Daniel Gardner took a personal day yesterday complaining of “overworked typing fingers”, so I stepped up to the keyboard to share some thoughts on catching mice for the good readers of mX.
You may find it easier to read this textual version…
David M. Green on Mice
At first it sounds quaint or cosy – late at night to see a furry little creature curiously scurrying along the kitchen floor – but when one becomes three or four, and suddenly there’s rodents exploring cupboards, bedrooms and electrical cables, you’ve got a mouse problem.
Mice will eat anything. They’ll nibble through plastic to get to the loaf of bread. They once ate through my housemate’s underpants in our wicker laundry basket, through which they also ate.
Like skinning their natural feline predators, there are many ways to eradicate vermin. The obvious solution is to call a licensed professional ala Christopher Walken in Mousehunt.
But who has that sort of money? I can’t afford to hire major Hollywood actors for such menial tasks.
Besides, where’s the fun? Catching a mouse or three sounds like a great adventure.
My great grandfather caught rats in Adelaide during the Great Depression. He founded his own pest control business, so catching varmints should be in my blood.
Poison is an option. But not all poisons work immediately. You might find yourself with a decomposing carcass in an unreachable location. Not good for entertaining.
I say go for a trap.
Some years ago at a mouse-infested share house, my housemates and I built our own Wile E. Coyote-style trap consisting of a soup pot, a stick and a long piece of string. We just needed a small sign reading “Free Cheese” to complete the illusion.
Three housemates, a decade of university education between us, sat silently in the dark, trying not to laugh, waiting for a mouse to unwittingly crawl beneath the pot. But those mice are fast. When one did finally inch under, I pulled the string to release the stick but by the time the pot dropped, the mouse was long gone.

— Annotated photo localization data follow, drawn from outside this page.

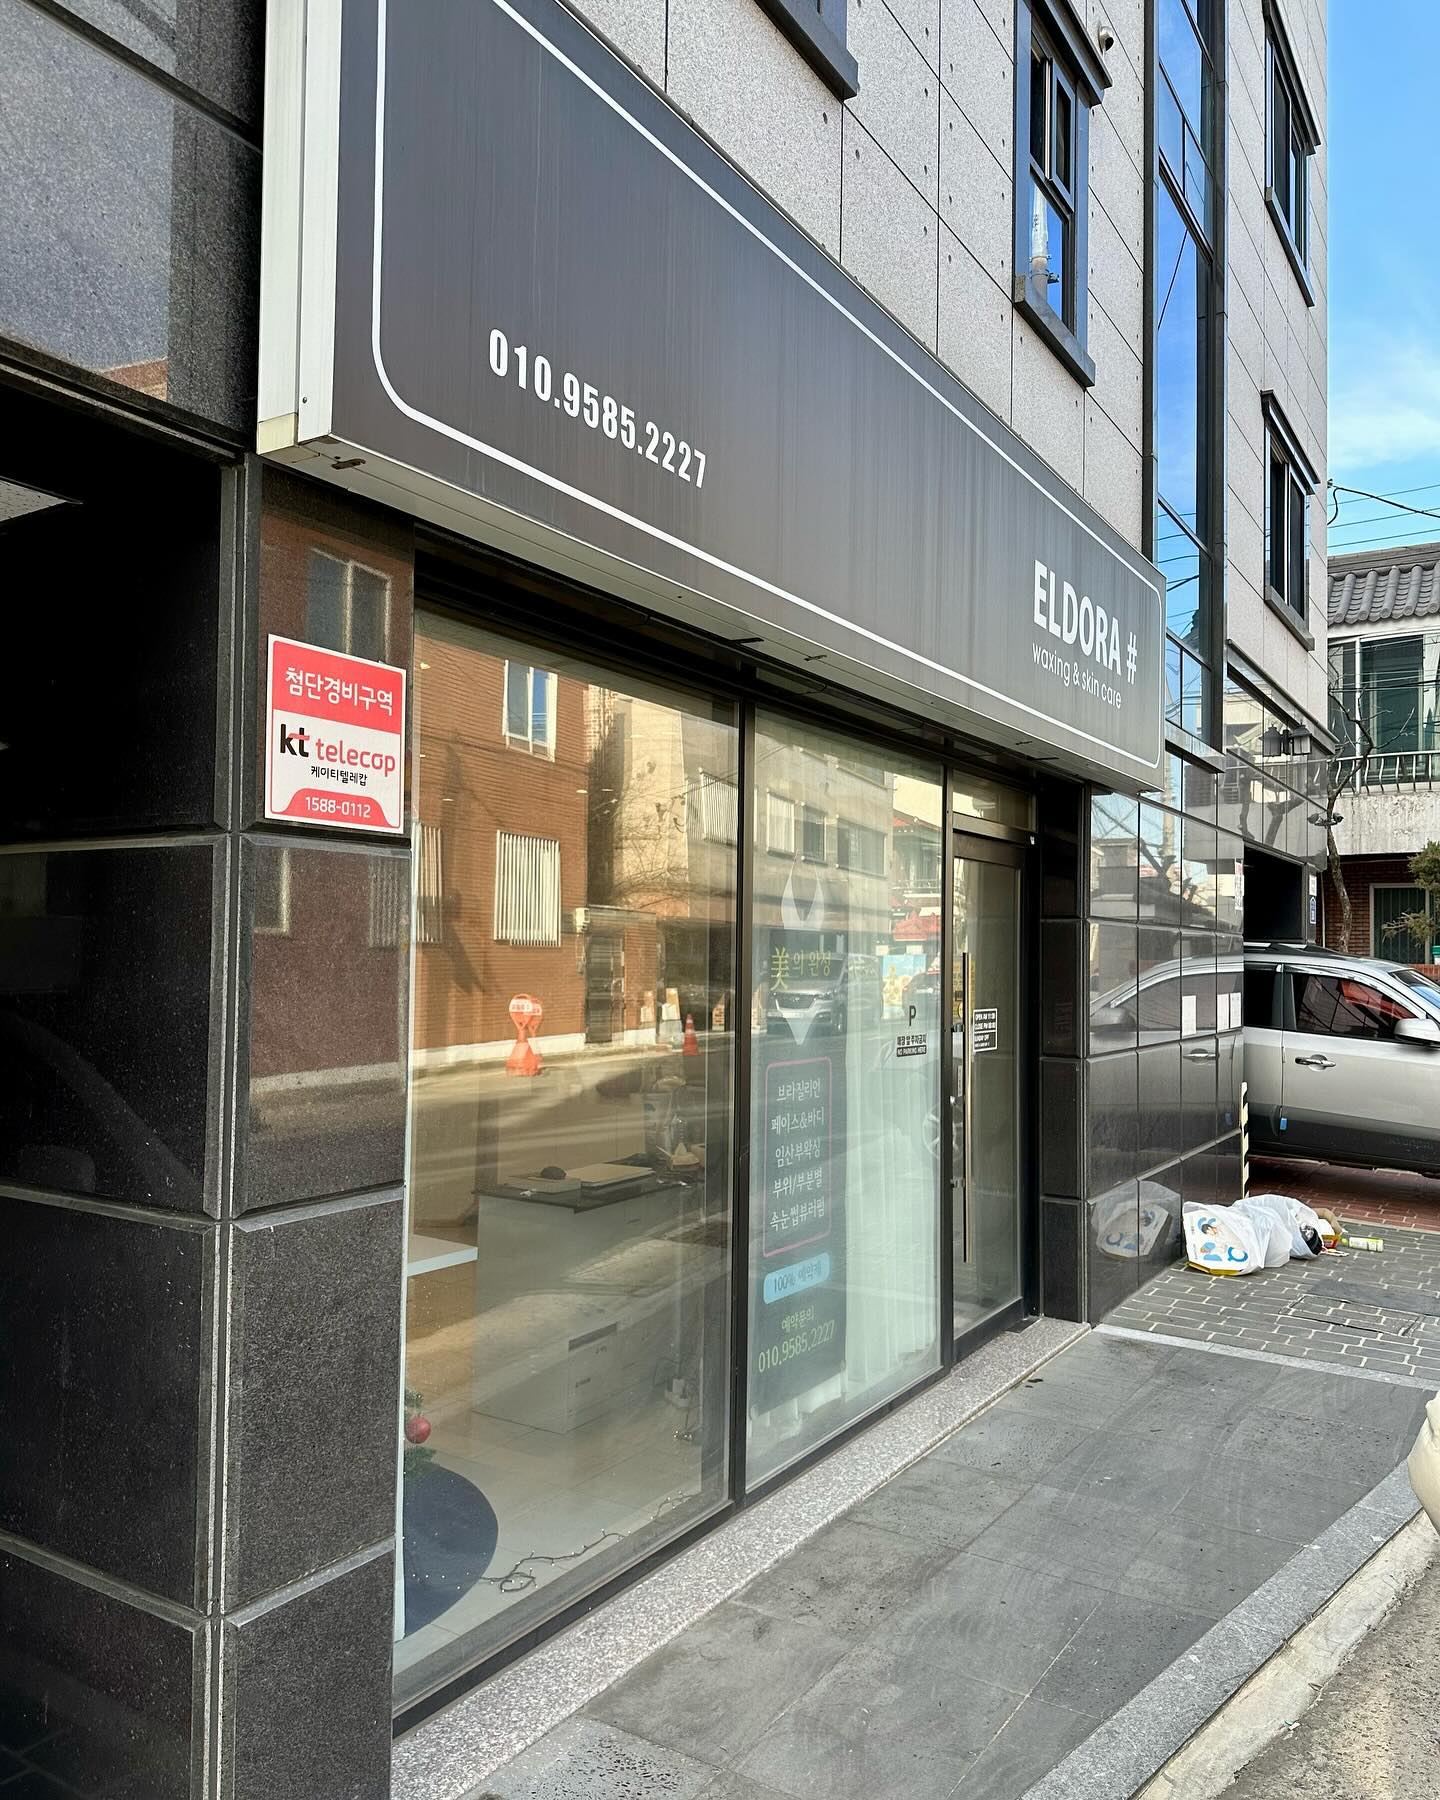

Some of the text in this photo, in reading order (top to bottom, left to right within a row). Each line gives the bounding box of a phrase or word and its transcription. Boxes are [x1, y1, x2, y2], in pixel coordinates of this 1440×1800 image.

[489, 328, 706, 489] 010.9585.2227
[1034, 559, 1122, 676] ELDORA
[285, 667, 393, 716] 첨단경비구역
[1032, 642, 1122, 709] waxing & skin care
[280, 723, 396, 777] kt telecop
[310, 765, 368, 787] 케이티텔레캅
[305, 796, 371, 818] 1588-0112
[776, 1077, 821, 1101] 브라질리언
[771, 1106, 824, 1136] 페이스&바디
[775, 1136, 820, 1168] 임산부왁싱
[773, 1167, 822, 1199] 부위/부분별
[781, 1305, 817, 1333] 예약문의
[758, 1319, 835, 1373] 010.9585.2227

It was a blessing in disguise really – we hadn’t thought ahead as to what we would do once we actually caught the mouse, alive.
But if you’re buying a proper mouse trap, there are some traps for young players (pardon the pun).
Firstly, don’t use a RAT trap. Rat traps are for trapping rats. Not mice.
Mice are too light and nimble to activate the trigger on a big rat trap – they just lick it clean and mockingly leave it for you to find the next morning.
The best type of mouse trap is the classic wooden design with the metal spring-loaded snapping bar mechanism. They’re also very cheap – two for a dollar from your nearest discount retailer.
But still, these traps can suffer the same problem. The mice simply eat the bait with the gentlest of gnawing and live to scurry another day.
A great tip is to use peanut butter for bait, and smear it all over the trap. If the mouse has to crawl all over the trap it’s bound to slip up and SNAP!
But for the animal lovers, the best tactic might be to just learn to co-exist with our furry friends. That is of course until you can afford a nicer place.
David M. Green
There’s a mouse next to my computer!